- **WHAT TO PRODUCE**:
Will you output all of the data below exactly, omitting the images?

*** Begin section ***

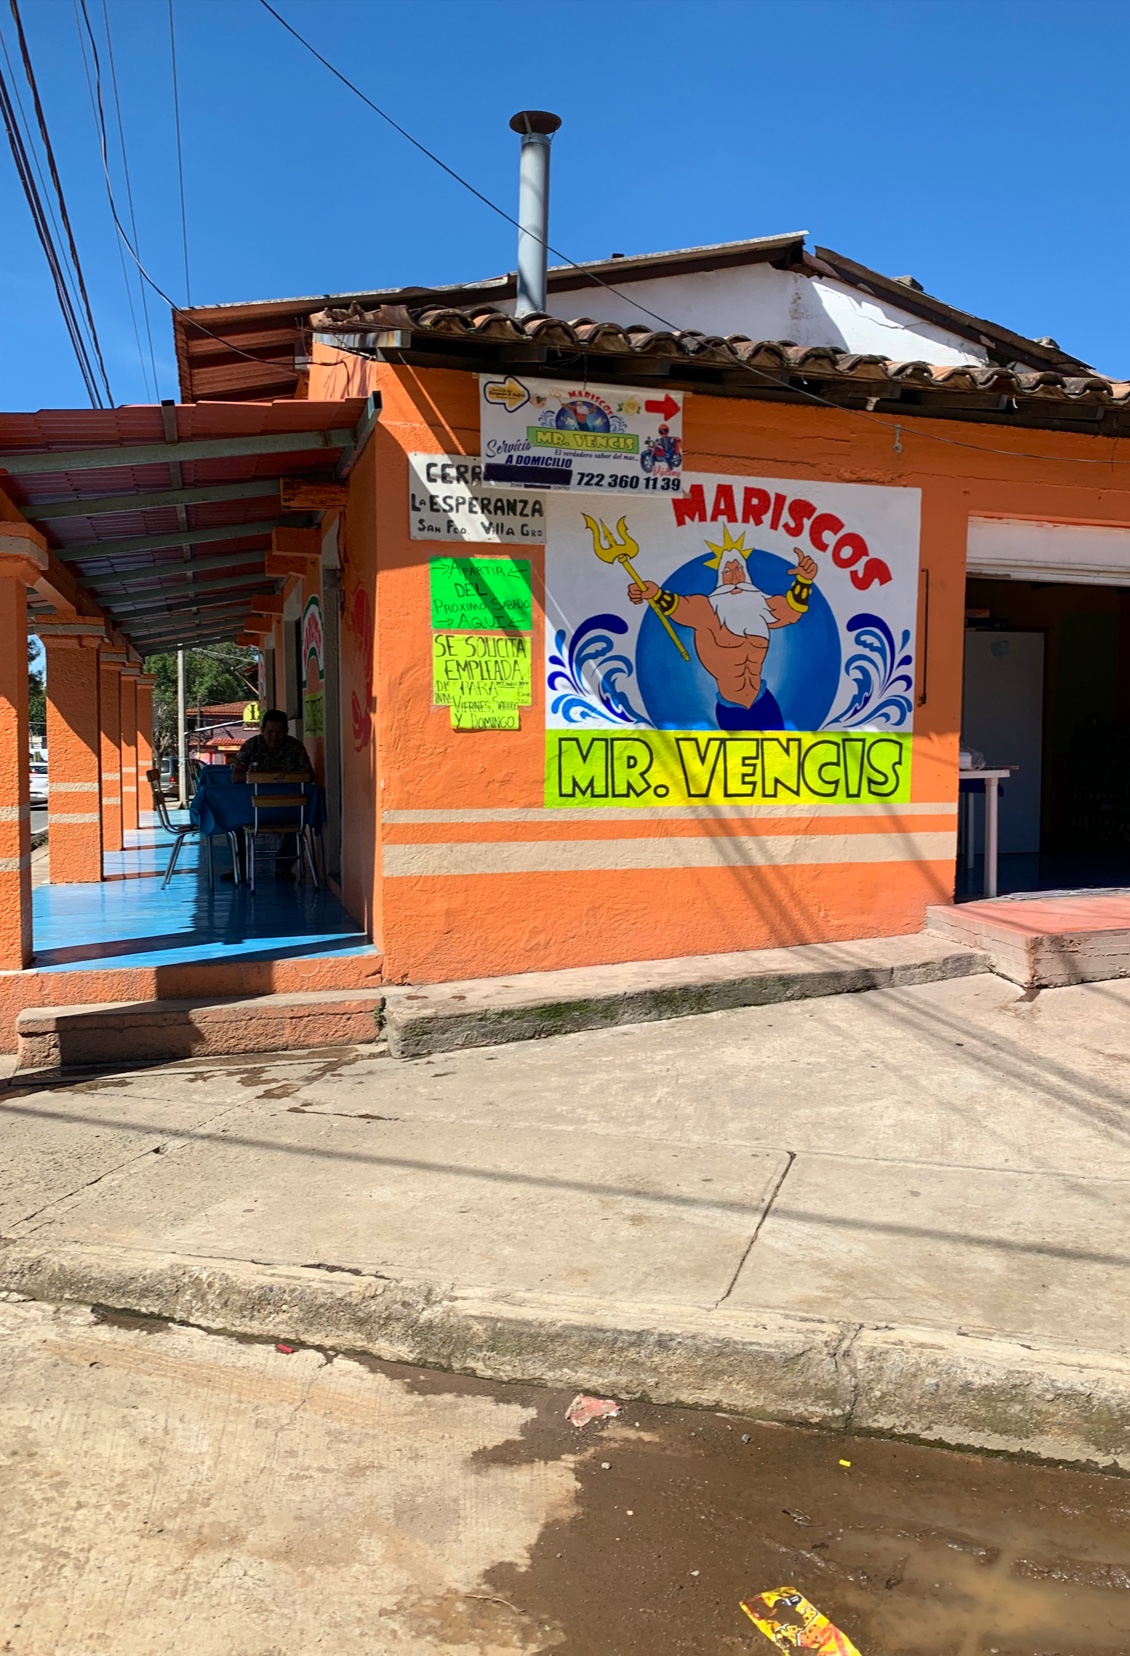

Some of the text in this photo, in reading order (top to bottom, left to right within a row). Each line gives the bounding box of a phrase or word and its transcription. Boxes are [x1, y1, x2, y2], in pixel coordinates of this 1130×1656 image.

[568, 390, 613, 416] MARISCOS
[485, 438, 532, 458] Servicio
[536, 431, 634, 450] MR. VENCIS
[505, 455, 573, 469] A DOMICILIO
[563, 450, 593, 458] verdadero
[426, 462, 482, 485] CERR
[576, 472, 681, 491] 722 360 11 39
[429, 495, 543, 517] ESPERANZA
[671, 483, 893, 591] MARISCOS
[454, 583, 488, 598] DEL
[434, 599, 487, 615] PROXIMO
[458, 613, 507, 629] AQUI
[435, 634, 527, 658] SE SOLICITA
[444, 659, 524, 681] EMPLEADA
[460, 681, 499, 696] PARA
[455, 713, 515, 729] Y DOMINGO
[558, 736, 903, 799] MR. VENCIS
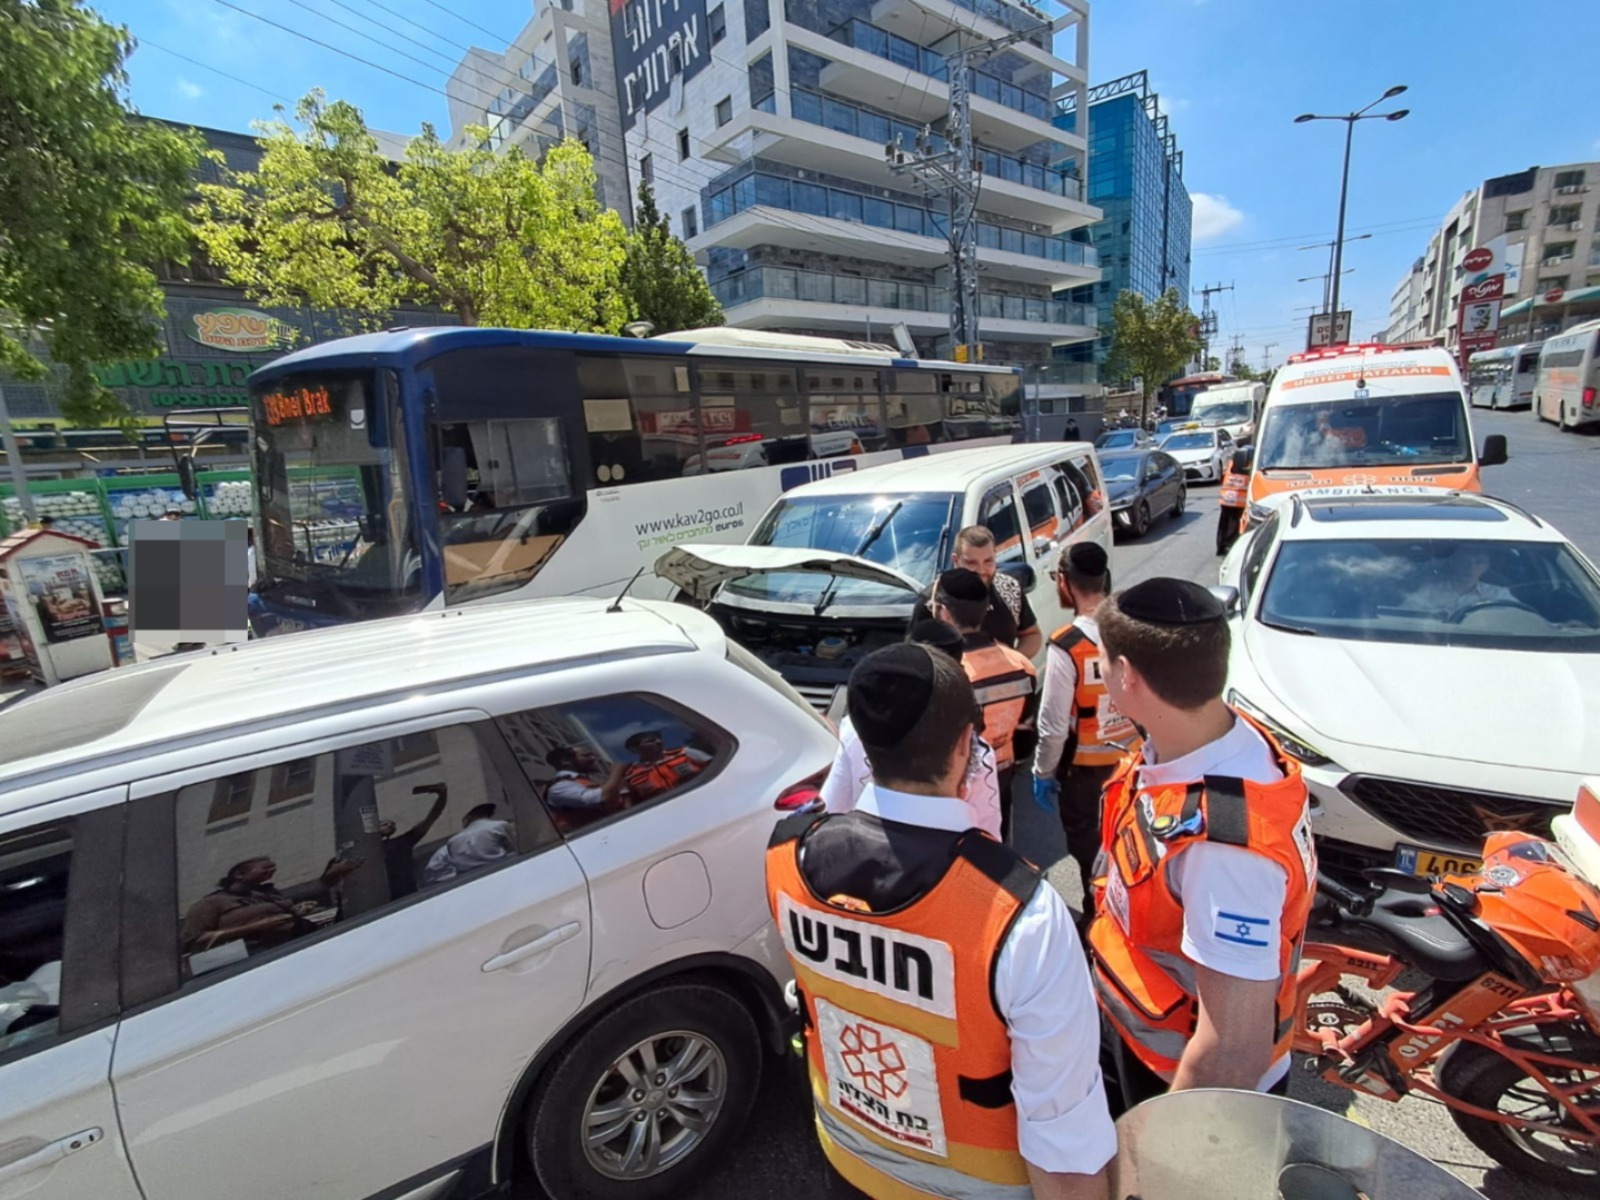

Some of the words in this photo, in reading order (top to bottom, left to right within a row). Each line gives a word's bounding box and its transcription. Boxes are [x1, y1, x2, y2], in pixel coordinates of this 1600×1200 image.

[1293, 374, 1346, 387] UNITED
[1352, 366, 1433, 380] HATZALAH
[302, 385, 332, 416] Brak
[1302, 486, 1430, 496] AMBUANCE
[635, 501, 744, 536] www.kav2go.co.il
[789, 909, 934, 1001] חובש
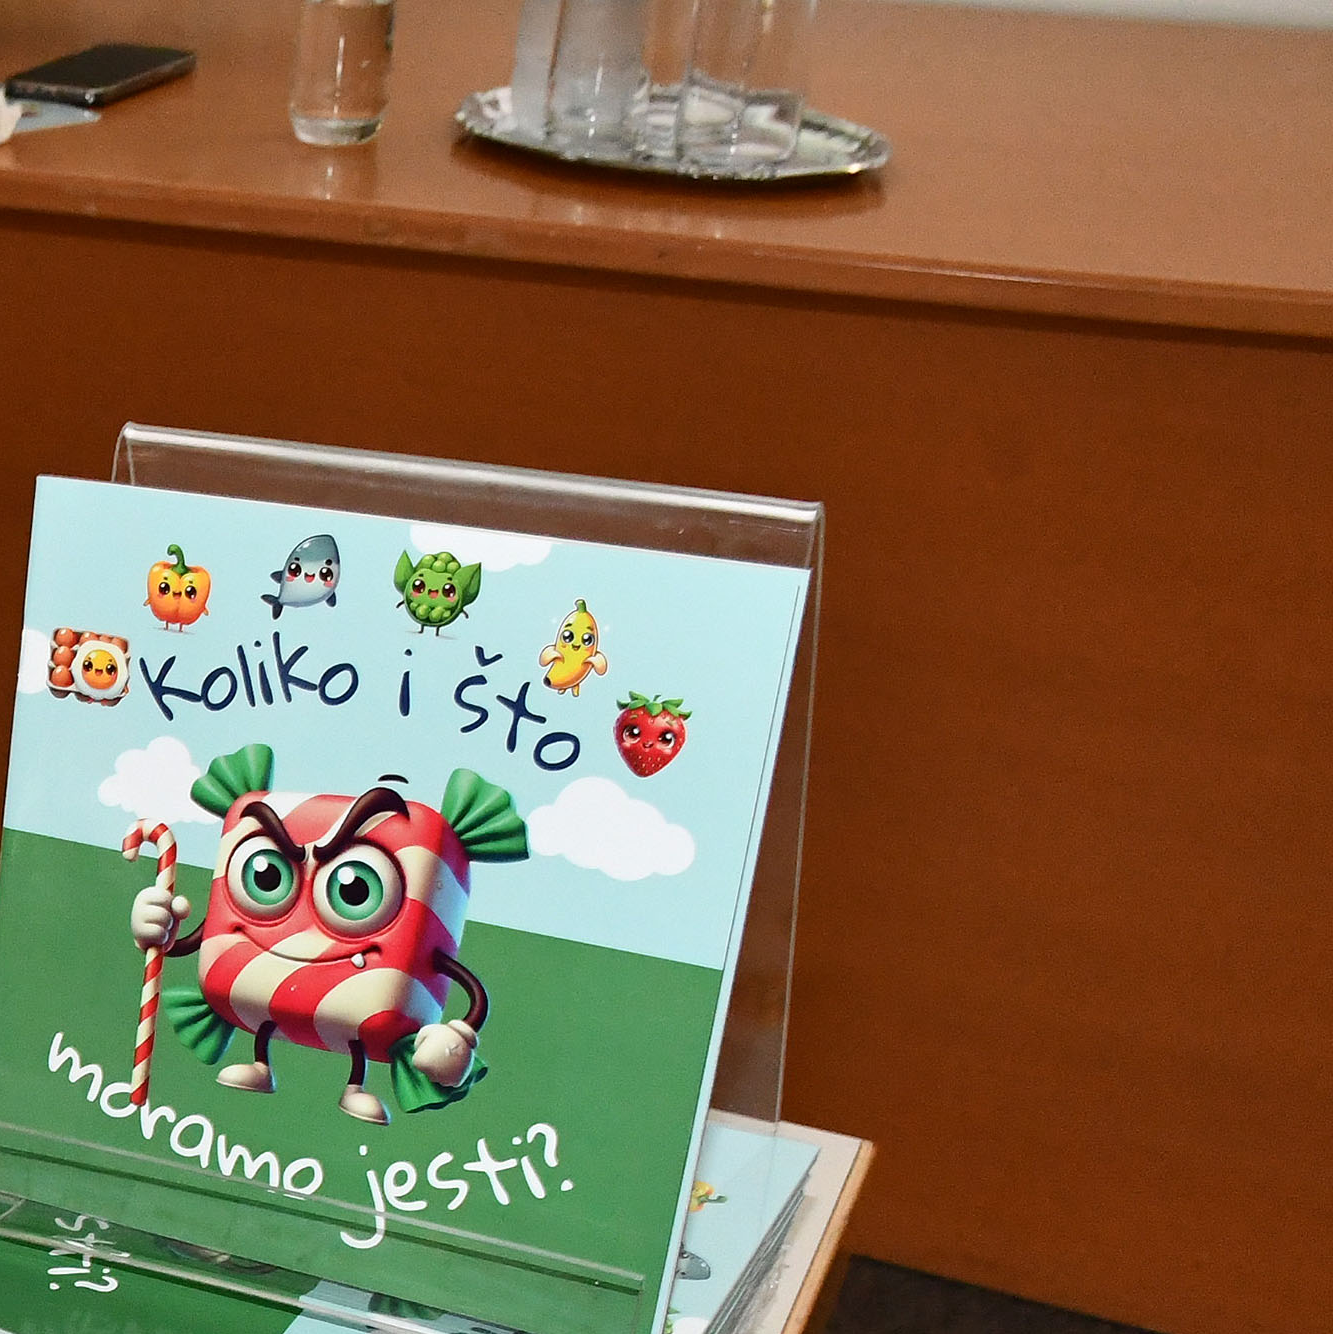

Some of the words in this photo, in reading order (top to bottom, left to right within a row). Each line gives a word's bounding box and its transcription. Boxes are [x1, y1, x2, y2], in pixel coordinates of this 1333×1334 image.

[137, 631, 360, 721] Koliko
[397, 648, 413, 716] i
[459, 643, 582, 772] Što
[46, 1031, 323, 1199] moramo
[339, 1122, 577, 1248] jesti?
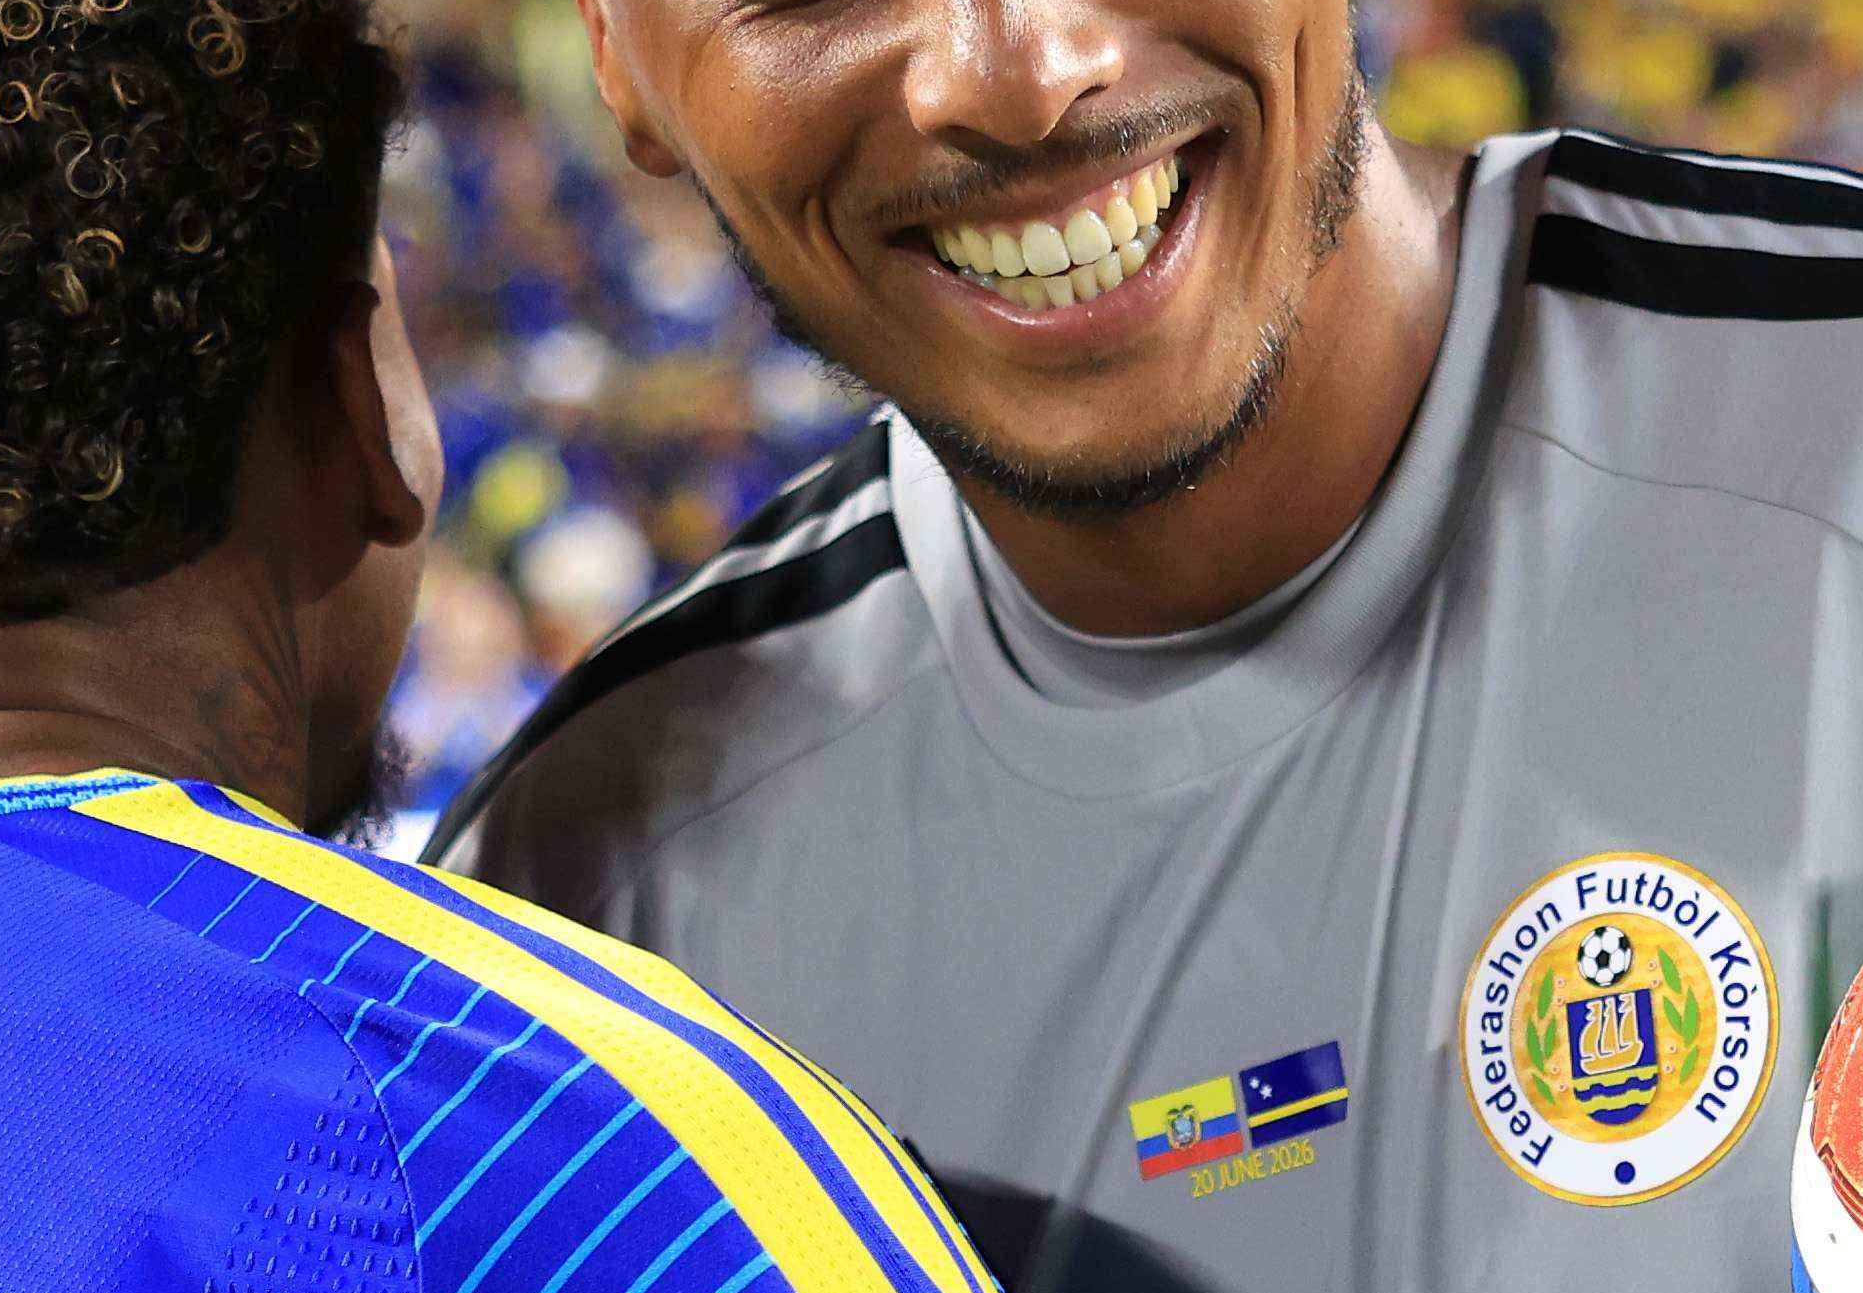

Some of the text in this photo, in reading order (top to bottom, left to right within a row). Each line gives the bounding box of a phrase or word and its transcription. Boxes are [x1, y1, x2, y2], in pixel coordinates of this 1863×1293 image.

*** End section ***

- **SOLUTION TO THE EXERCISE**:
Some of the text in this photo, in reading order (top to bottom, left to right within a row). Each line gives the bounding box of a phrase or word and its transcription. Boxes are [x1, y1, x2, y2], in pixel coordinates of this 1130×1656 image.

[568, 390, 613, 416] MARISCOS
[485, 438, 532, 458] Servicio
[536, 431, 634, 450] MR. VENCIS
[505, 455, 573, 469] A DOMICILIO
[563, 450, 593, 458] verdadero
[426, 462, 482, 485] CERR
[576, 472, 681, 491] 722 360 11 39
[429, 495, 543, 517] ESPERANZA
[671, 483, 893, 591] MARISCOS
[454, 583, 488, 598] DEL
[434, 599, 487, 615] PROXIMO
[458, 613, 507, 629] AQUI
[435, 634, 527, 658] SE SOLICITA
[444, 659, 524, 681] EMPLEADA
[460, 681, 499, 696] PARA
[455, 713, 515, 729] Y DOMINGO
[558, 736, 903, 799] MR. VENCIS

Some of the words in this photo, in reading order (top to bottom, left to right within a row). Each line gives a word's bounding box and its transcription. Boxes are [x1, y1, x2, y2], in pixel coordinates of this 1600×1200 image.

[1293, 374, 1346, 387] UNITED
[1352, 366, 1433, 380] HATZALAH
[302, 385, 332, 416] Brak
[1302, 486, 1430, 496] AMBUANCE
[635, 501, 744, 536] www.kav2go.co.il
[789, 909, 934, 1001] חובש

Some of the words in this photo, in reading order (top to bottom, left to right within a row). Each line gives a word's bounding box and its transcription. Boxes are [x1, y1, x2, y2], in pixel coordinates of this 1333×1334 image.

[137, 631, 360, 721] Koliko
[397, 648, 413, 716] i
[459, 643, 582, 772] Što
[46, 1031, 323, 1199] moramo
[339, 1122, 577, 1248] jesti?

Some of the text in this photo, in reading order (top to bottom, left to right within a row). Each line gives the bounding box of a phrase or word and its transcription. Boxes are [x1, y1, x2, y2], in pixel coordinates of this 1863×1293 image.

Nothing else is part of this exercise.